+++ Provided information

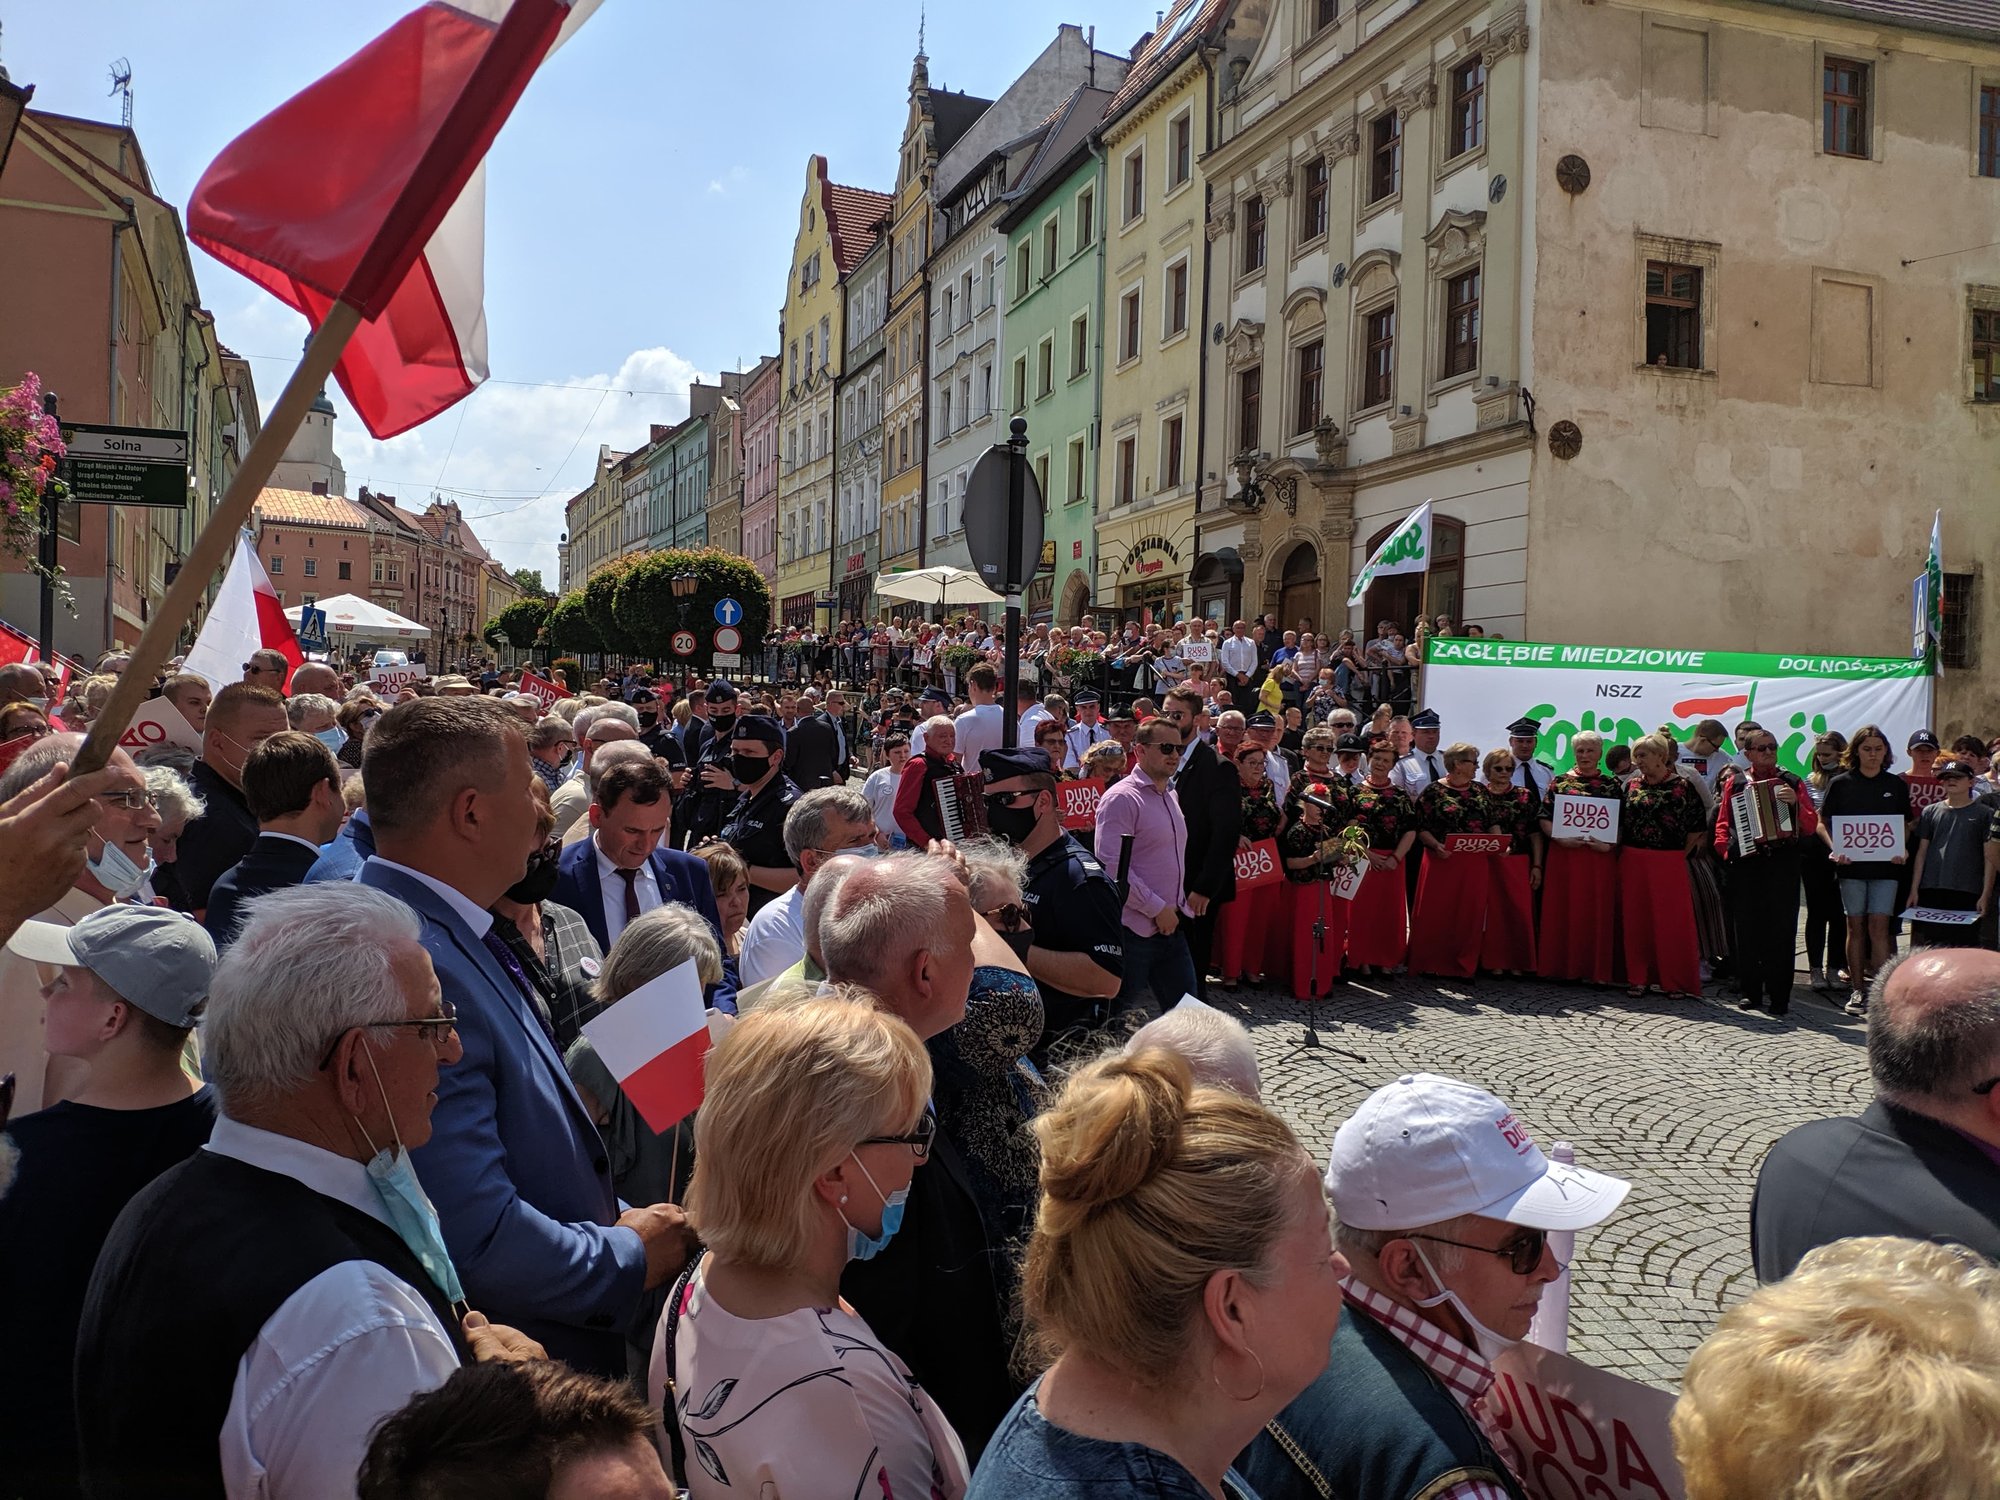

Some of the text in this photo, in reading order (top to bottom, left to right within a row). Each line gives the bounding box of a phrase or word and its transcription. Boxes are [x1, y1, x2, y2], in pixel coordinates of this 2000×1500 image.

[103, 438, 142, 452] Solna
[676, 637, 693, 649] 20
[1433, 640, 1555, 665] ZAGŁĘBIE
[1561, 645, 1706, 667] MIEDZIOWE
[529, 681, 558, 703] DUD
[1595, 683, 1643, 699] NSZZ
[1065, 786, 1101, 802] DUDA
[1910, 783, 1948, 798] DUD
[1563, 802, 1610, 818] DUDA
[1562, 814, 1610, 830] 2020
[1842, 822, 1894, 836] DUDA
[1452, 845, 1500, 853] 2020
[1455, 838, 1501, 847] DUDA
[1843, 835, 1896, 849] 2020
[1235, 859, 1274, 881] 020

++++++

*What the task asks*:
The answer must be the full listing, word for word, with no images in it.

*Response below*:
Some of the text in this photo, in reading order (top to bottom, left to right within a row). Each line gives the bounding box of a phrase or word and its transcription. Boxes are [x1, y1, x2, y2], in pixel coordinates of this 2000×1500 image.

[103, 438, 142, 452] Solna
[676, 637, 693, 649] 20
[1433, 640, 1555, 665] ZAGŁĘBIE
[1561, 645, 1706, 667] MIEDZIOWE
[529, 681, 558, 703] DUD
[1595, 683, 1643, 699] NSZZ
[1065, 786, 1101, 802] DUDA
[1910, 783, 1948, 798] DUD
[1563, 802, 1610, 818] DUDA
[1562, 814, 1610, 830] 2020
[1842, 822, 1894, 836] DUDA
[1452, 845, 1500, 853] 2020
[1455, 838, 1501, 847] DUDA
[1843, 835, 1896, 849] 2020
[1235, 859, 1274, 881] 020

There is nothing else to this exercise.